"Wihh ada pasutri nih, kiw kiw."
Siren memutar kedua bola matanya malas mendengar celetukan teman-teman Rigo. Sebenarnya ia malas ikut ke sini jika bukan karena suruhan Mertuanya.
"Siren!" Seruan serempak itu datang dari dua orang gadis seumuran Siren.
"Lana, Naia!" Harusnya Siren tidak terlalu kaget sebab Naia adalah pacar Lay, salah satu teman Rigo.
"Kalian beneran udah nikah?" Tanya Ojo. Yang paling awal tahu kabar ini adalah Lay, sebab laki-laki itu masih ada hubungan keluarga dengan Mamanya Siren.
"Ya iya lah, lo sih gak percayaan banget ama gue." Lay tersenyum mengejek.
"Napa muka lo begitu?" Tanya Rigo pada Ojo.
"Hancur sudah harapan gue untuk mendapatkan Siren." Ojo berkata dengan dramatis.
"Sabar Jo, belum rejeki itu namanya." Rigo menepuk-nepuk pundak temannya itu sambil tertawa.
"Lagian masih ada Lana, buat apa sedih," cetus Lay jenaka.
"Najis," desis Lana tanpa menatap sekumpulan laki-laki itu.
Rigo dan Lay tertawa, sedangkan Ojo memasang tampang datar.
"Najis, najis. Lo dulu pernah pacaran ama Ojo," ujar Rigo kepada Lana.
"Itu cuma khilaf," elak Lana.
"Khilaf sampe dua tahun ya Lan? A-aduh!" Naia mengaduh akibat cubitan dari Lana.
"Ayang aku di cubit." Naia mengadu pada sang pacar.
Siren dan Lana memasang wajah ingin muntah melihat aksi Naia barusan. Sangat jauh berbeda dengan biasanya.
"Jadi, kita mau ngapain di sini?" Tanya Siren. Dia tidak terbiasa berkumpul pada malam hari begini.
"Ya, duduk-duduk doang," ujar Rigo yang diangguki kedua temannya.
"Iya Ren, seru tau duduk-duduk gini." Sahut Naia menyengir.
"Seru kar'na lo pangku-pangkuan gitu?"
Naia memang duduk di paha Lay, itu sudah menjadi kebiasaan kedua pasang kekasih itu.
"Sewot banget, mau juga apa gimana?" Tanya Lay.
"Noh paha Rigo kosong," ujar Ojo yang menyimak pertikaian itu.
Sementara itu Rigo yang sudah sedang asik bermain game online tak menghiraukan sekitarnya.
"Woi, bini lo minta di pangku tuh," ujar Ojo pada Rigo. Siren tergidik mendengarnya, ia lekas ikut duduk. Begitu juga dengan Lana yang tak banyak bicara sejak diingatkan tentang hubungannya dulu dan Ojo.
"Ren, kayaknya bakal lama kita pulangnya. Gue mau nyelesain turnamen dulu."
"Gue ngantuk Rigo!" Jerit Siren mengagetkan semuanya.
"Tidur aja sini." Rigo menepuk pahanya.
"Lagian ngapain mesti ikut sih," dumel Rigo.
"Nyokap lo yang nyuruh, gimana gue mau nolak coba."
"Iya-iya gak usah ngomel.
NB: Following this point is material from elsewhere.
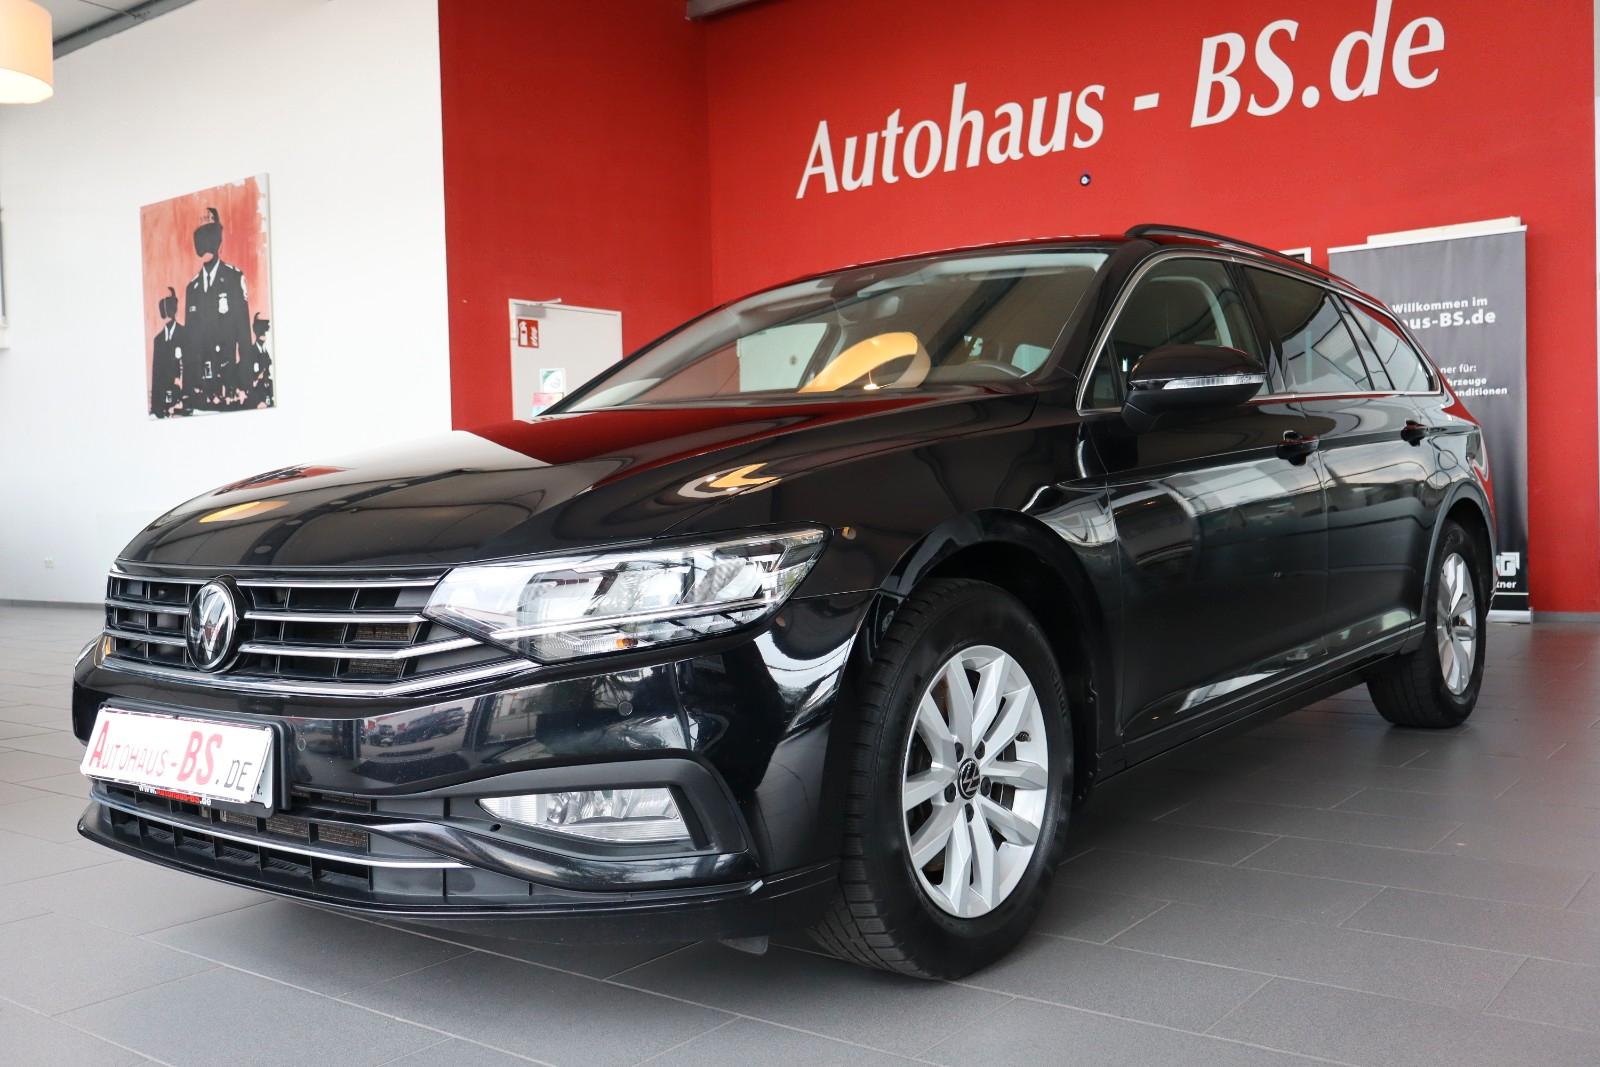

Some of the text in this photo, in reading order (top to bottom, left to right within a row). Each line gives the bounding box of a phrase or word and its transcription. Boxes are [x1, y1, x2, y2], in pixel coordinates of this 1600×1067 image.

Jo ada bantal gak?" Tanya Rigo pada Ojo.
Pondok ini milik orang tuanya Ojo, dari atas sini bisa melihat pemandangan ibu kota dan tempat ini juga cocok untuk orang yang suka suasana tenang.
"Bentar gue ambil dulu." Ojo melepas handphone di tanganya kemudian berjalan ke sebuah pintu.
Siren menguap, suhu di tempat ini lumayan dingin. Untung saja ia memakai jaket tebal dan kakinya tak perlu ke dinginan sebab Rigo meletakan jaket yang tadi di pakainya di sana.